▸ **EXERCISE DESCRIPTION**:
Copy the entries below exactly; any picture among them should be left out.

▸ **THE INPUT**:
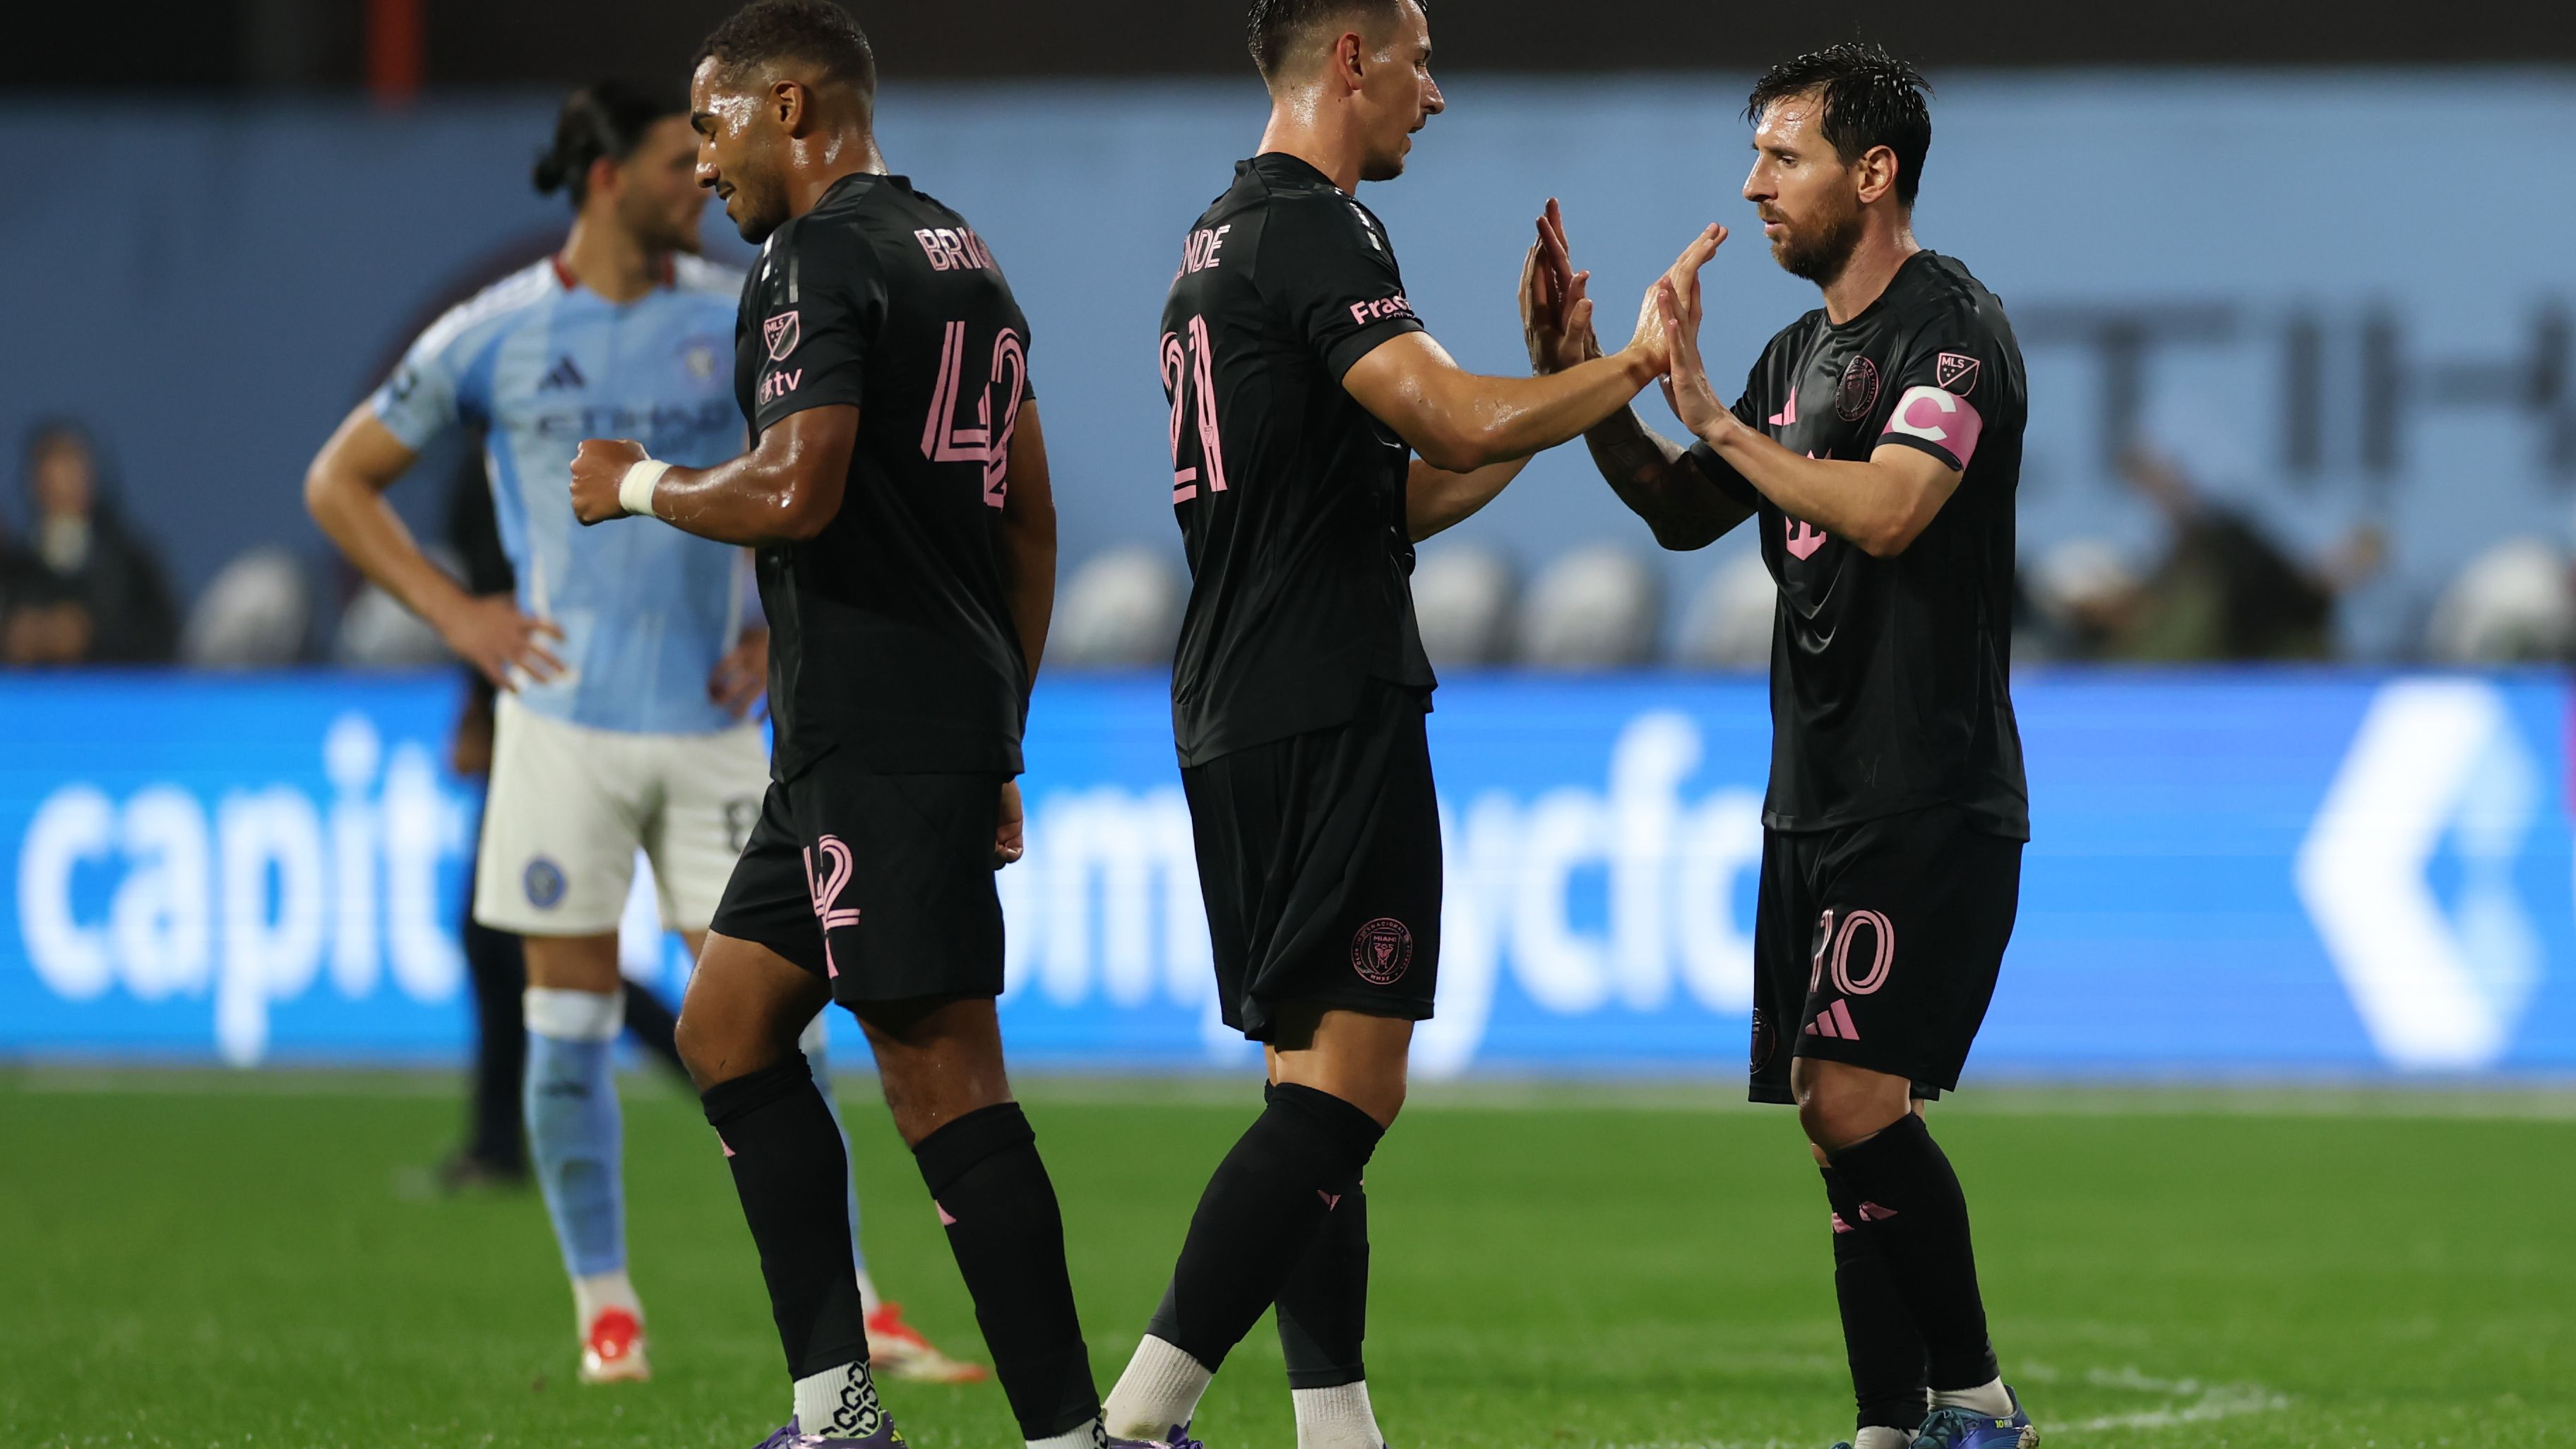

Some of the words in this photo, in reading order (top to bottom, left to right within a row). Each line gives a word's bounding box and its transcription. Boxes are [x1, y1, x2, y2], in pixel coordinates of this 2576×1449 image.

[767, 318, 785, 333] MLS
[773, 368, 803, 397] tv
[1942, 356, 1965, 369] MLS
[920, 321, 1027, 513] 42
[1891, 386, 1957, 441] C
[1810, 907, 1895, 996] 10

▸ **REPLY**:
Some of the words in this photo, in reading order (top to bottom, left to right within a row). Each line gives a word's bounding box and its transcription. Boxes are [x1, y1, x2, y2], in pixel coordinates of this 2576×1449 image.

[767, 318, 785, 333] MLS
[773, 368, 803, 397] tv
[1942, 356, 1965, 369] MLS
[920, 321, 1027, 513] 42
[1891, 386, 1957, 441] C
[1810, 907, 1895, 996] 10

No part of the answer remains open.